Scatter plot displaying SHAP values for TC. Points vary from blue to red, indicating low to high feature values. Most points cluster around TC values 5 to 10, with SHAP values between -0.3 and 0.1.

Figure 6. Feature dependence plots of total cholesterol. The horizontal axis quantifies the parameter’s numerical range, while the vertical axis corresponds to the computed Shapley values. The color gradient reflects parameter importance, with increasing red saturation indicating higher marginal contributions of specific parameter values to the model’s predictive performance.

Discussion

This study develops a transformer based prediction model for GI complications in pediatric IgAV patients, comparing five algorithmic approaches. Our results demonstrate that the TabPFN model outperforms conventional methods (Random Forest, LightGBM, XGBoost, and CatBoost) in distinguishing between IgAV related abdominal pain and GI, exhibiting superior predictive capabilities. Current predictive methodologies for IgAV related GI bleeding predominantly rely on univariate analysis (P < 0.05 threshold) followed by multivariate logistic regression modeling (Su et al., 2025; Yang et al., 2024). While logistic regression remains a fundamental linear approach, its limitations in handling nonlinear relationships often lead to exclusion of potentially valuable variables that fail to meet traditional statistical significance criteria. Recent literature has highlighted ML’s potential in predicting IgAV outcomes, which our findings substantiate (Guo et al., 2025).

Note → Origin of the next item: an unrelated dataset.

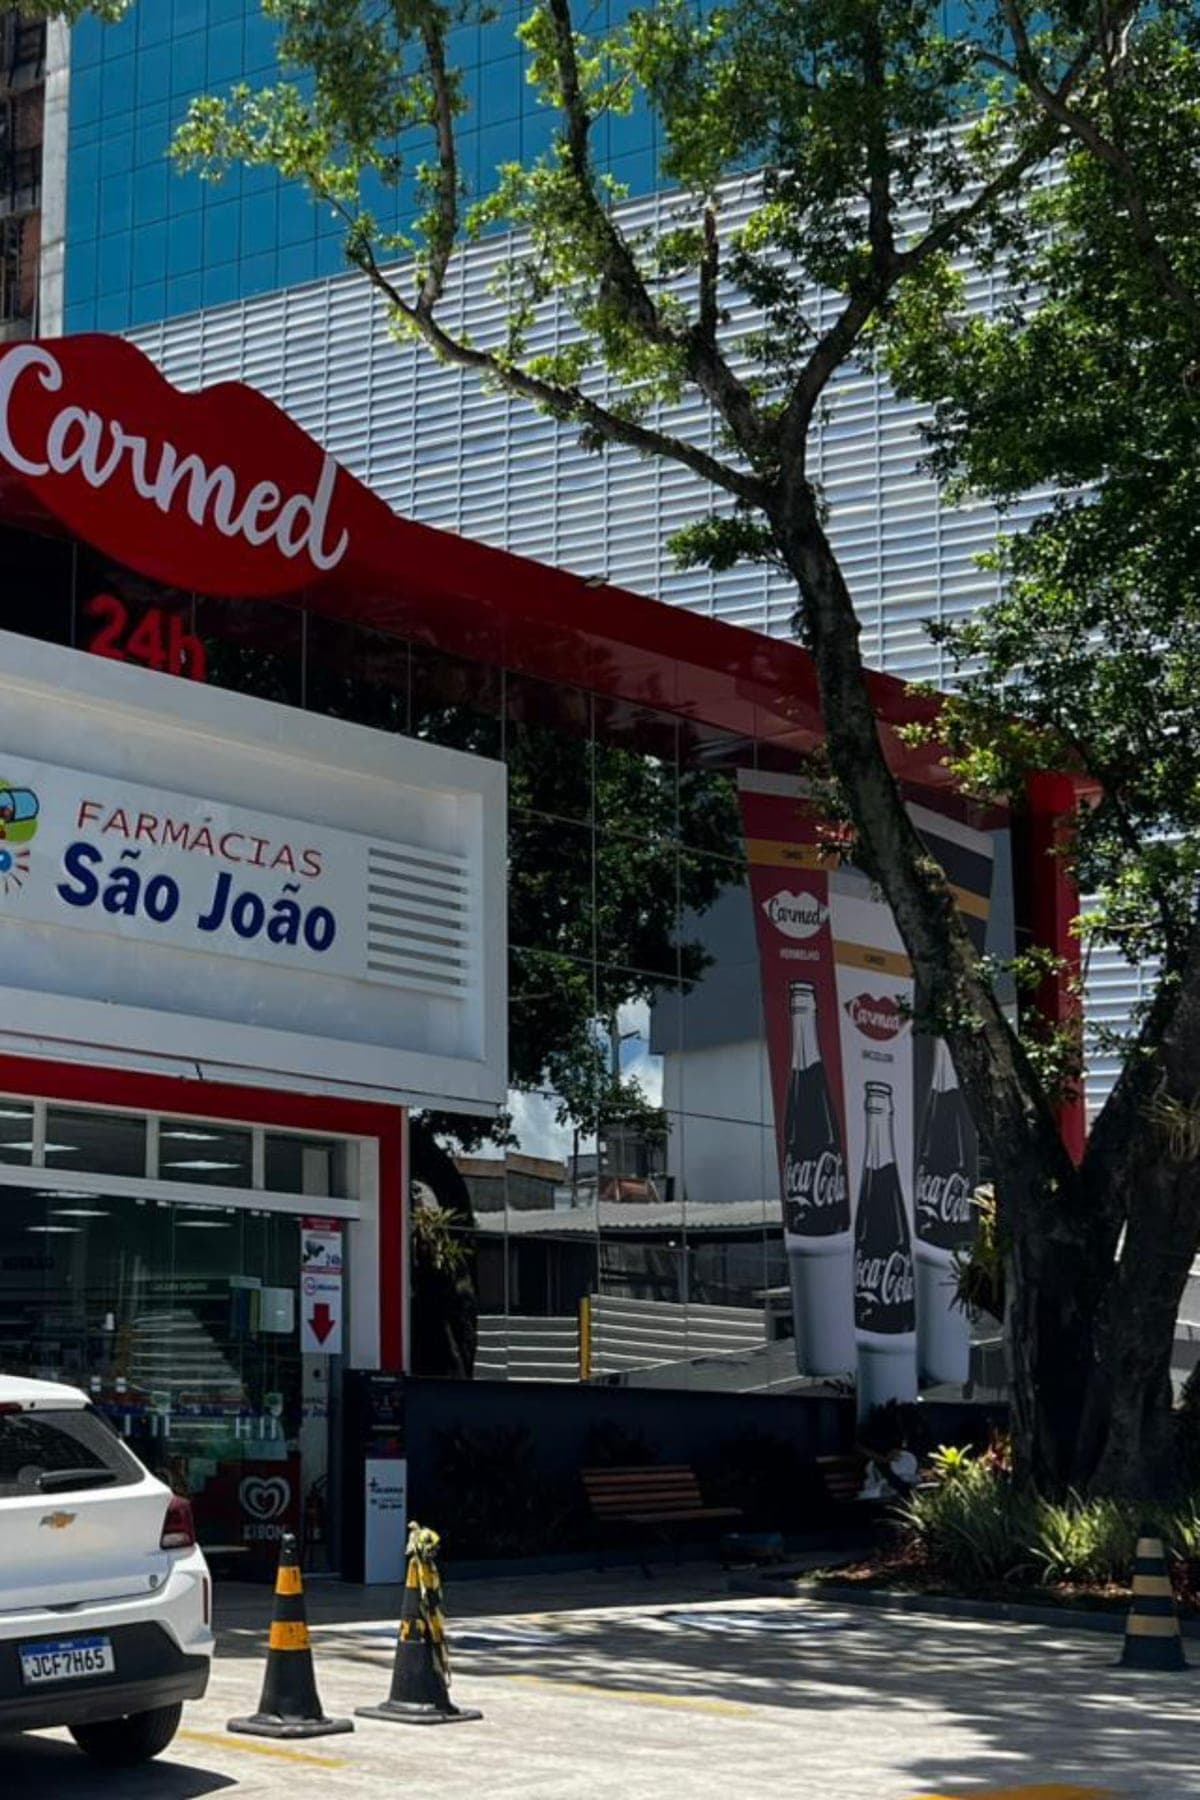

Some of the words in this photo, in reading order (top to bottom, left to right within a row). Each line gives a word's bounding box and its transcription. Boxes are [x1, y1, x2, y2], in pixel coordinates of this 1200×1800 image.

Within our cohort of IgAV patients, 224 cases (29%) presented with GI, aligning with established epidemiological data (Sağlam et al., 2025). The TabPFN model achieved exceptional performance metrics (accuracy, precision, recall, F1-score, and the Kappa coefficient) during internal validation, with a macro-average ROC of 0.98. Further demonstrating the superiority of the TabPFN model through rigorous statistical validation using Friedman’s test and Nemenyi’s test. Systematically monitor model fairness using AIF360 to ensure ethical compliance with global standards and mitigate bias arising from data scarcity. This robust predictive capability enables early identification of high-risk patients, allowing clinicians to implement timely interventions during critical treatment windows to mitigate bleeding risks. While promising, the model requires external validation to confirm its generalizability across diverse clinical settings. We have successfully implemented a parameterized model in the local clinical laboratory. Future work will focus on integrating the model into the clinical decision support system or deploying it via Streamlit to facilitate multicenter external validation.

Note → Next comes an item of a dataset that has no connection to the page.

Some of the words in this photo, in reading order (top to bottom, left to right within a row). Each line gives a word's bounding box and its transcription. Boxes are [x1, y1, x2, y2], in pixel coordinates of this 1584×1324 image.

The development of TabPFN stems from the inherent limitations of conventional ML approaches in handling tabular data, particularly when dealing with dataset heterogeneity and raw data complexity. The 2025 release of TabPFN-v2 introduces significant functional enhancements, expanding its capabilities to include not only improved categorical variable analysis but also inaugural support for regression tasks. Notably, the model natively accommodates missing values and outliers without requiring manual feature engineering. With optimal performance on small-to-medium datasets (≤10,000 samples and ≤500 features), TabPFN-v2 demonstrates superior accuracy compared to existing methods while achieving substantially reduced training times. Built on a Generative Transformer architecture, this foundational model supports multiple advanced functionalities including fine-tuning, synthetic data generation, density estimation, and learnable embedding extraction. TabPFN’s unique training paradigm leverages millions of synthetic datasets, showcasing remarkable algorithmic development capabilities. By advancing modeling proficiency across diverse domains, this innovation holds significant potential to accelerate scientific breakthroughs and enhance decision-making processes in various fields.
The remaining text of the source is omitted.